About this exercise>
Reproduce the data below in full and to the letter, images excepted.

Data excerpts>
──────
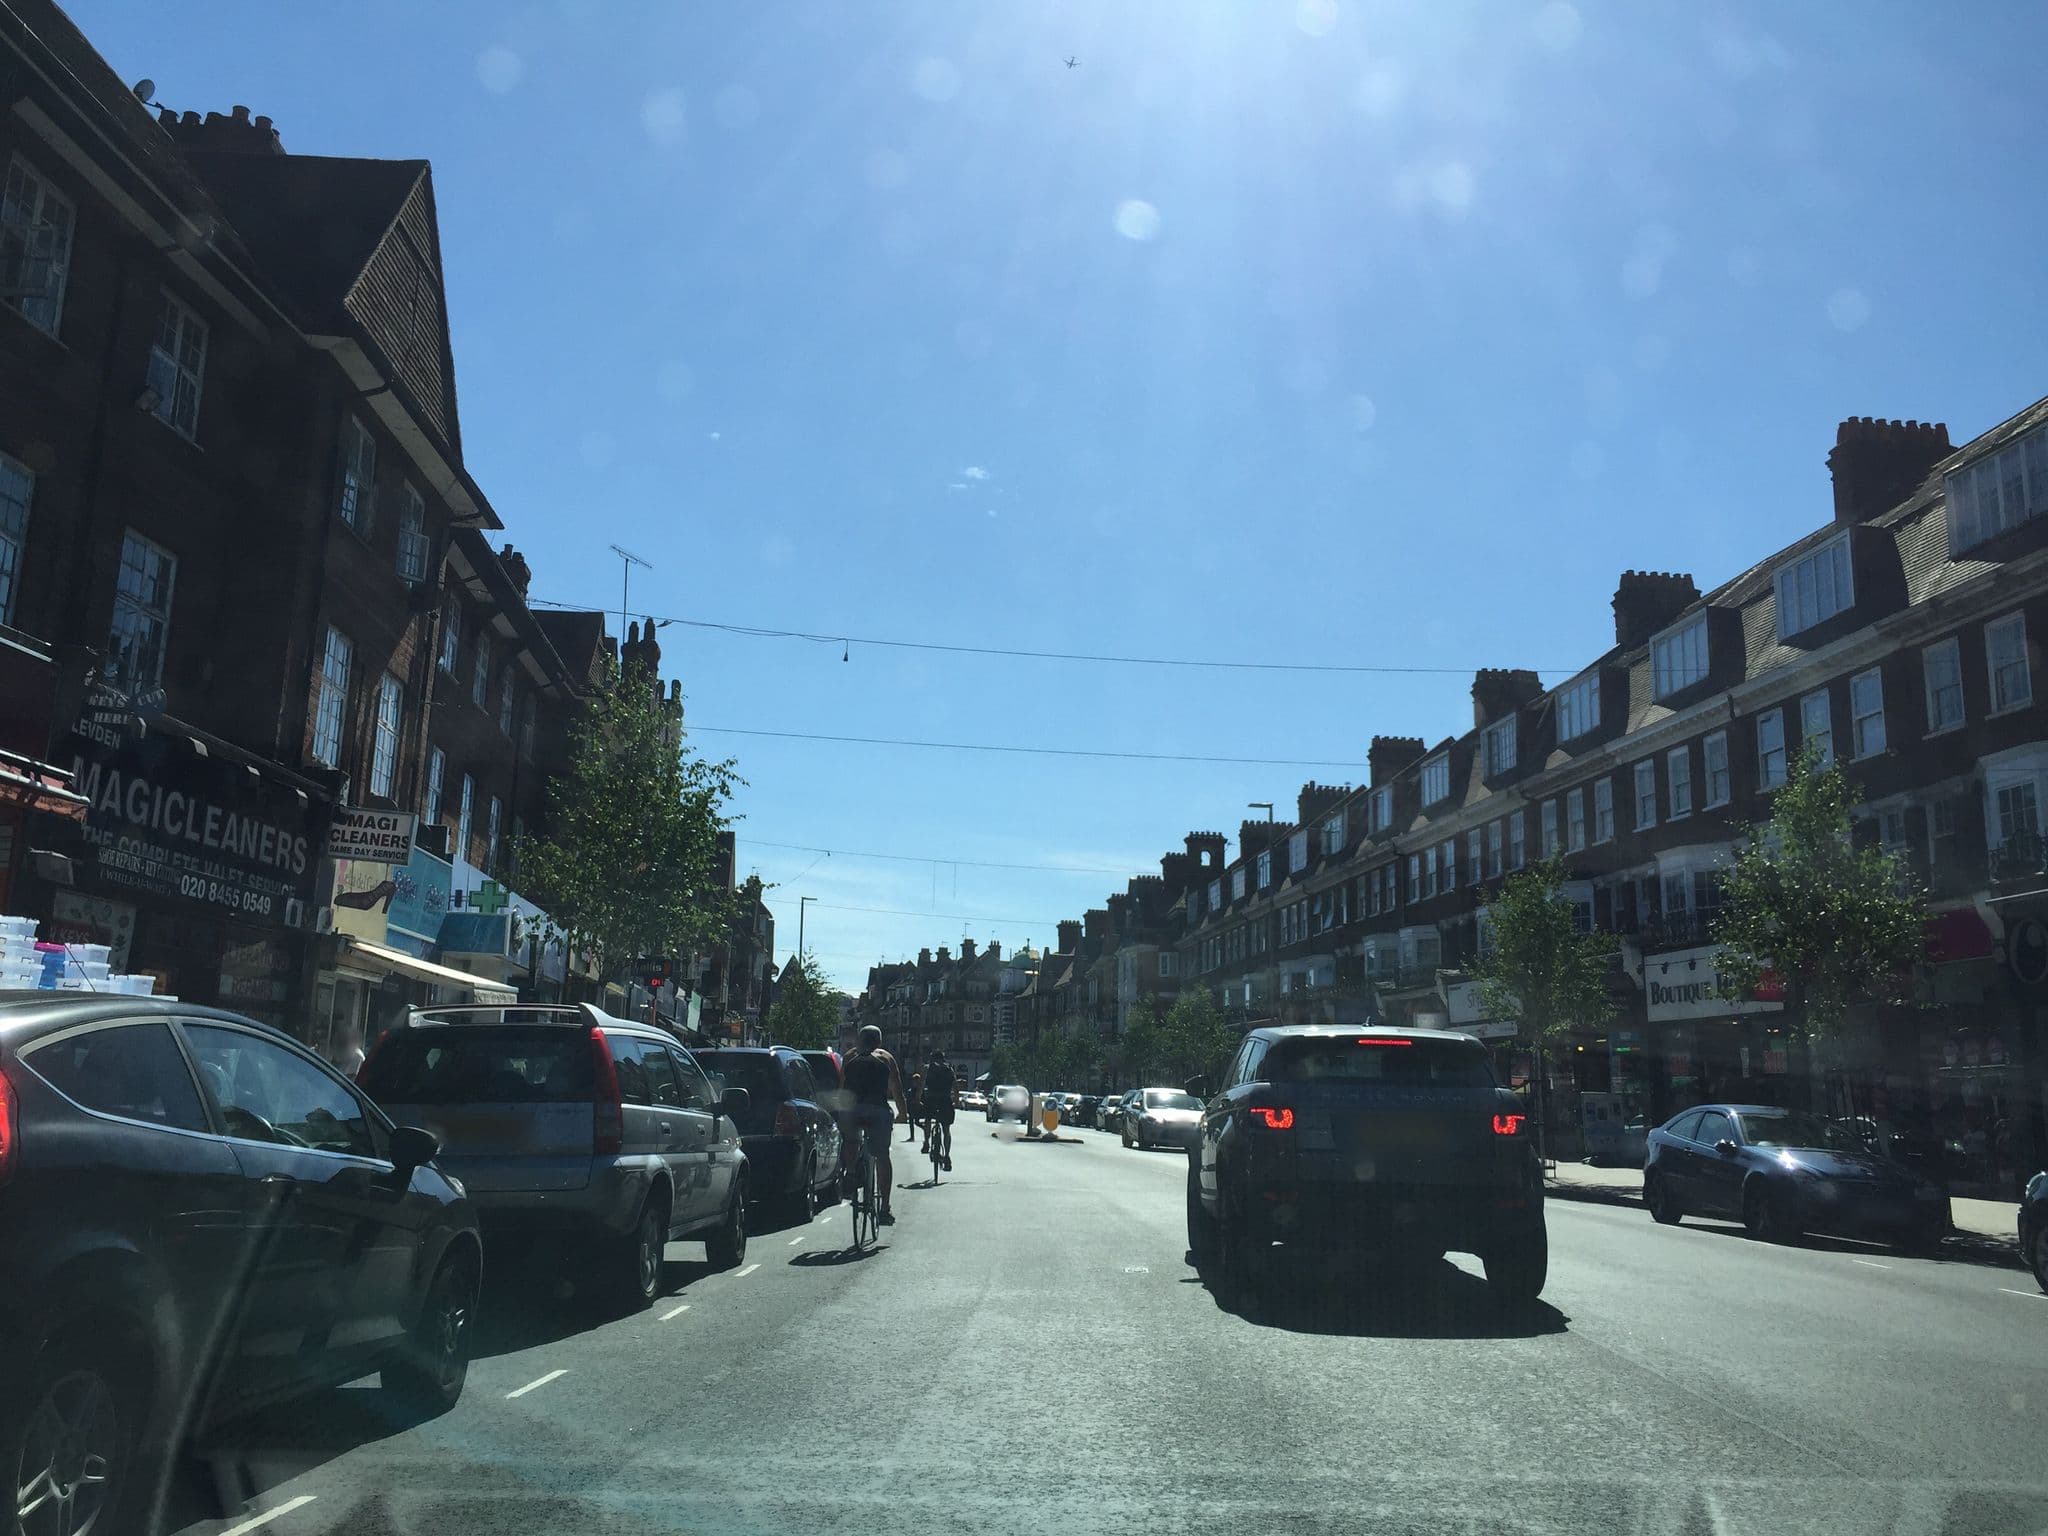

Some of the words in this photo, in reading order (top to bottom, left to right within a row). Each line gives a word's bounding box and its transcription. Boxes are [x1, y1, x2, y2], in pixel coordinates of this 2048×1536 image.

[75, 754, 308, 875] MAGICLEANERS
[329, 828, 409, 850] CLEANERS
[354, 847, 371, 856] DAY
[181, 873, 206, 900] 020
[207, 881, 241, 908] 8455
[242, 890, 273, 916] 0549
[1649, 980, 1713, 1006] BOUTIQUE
──────
Task output>
Some of the words in this photo, in reading order (top to bottom, left to right within a row). Each line gives a word's bounding box and its transcription. Boxes are [x1, y1, x2, y2], in pixel coordinates of this 2048×1536 image.

[75, 754, 308, 875] MAGICLEANERS
[329, 828, 409, 850] CLEANERS
[354, 847, 371, 856] DAY
[181, 873, 206, 900] 020
[207, 881, 241, 908] 8455
[242, 890, 273, 916] 0549
[1649, 980, 1713, 1006] BOUTIQUE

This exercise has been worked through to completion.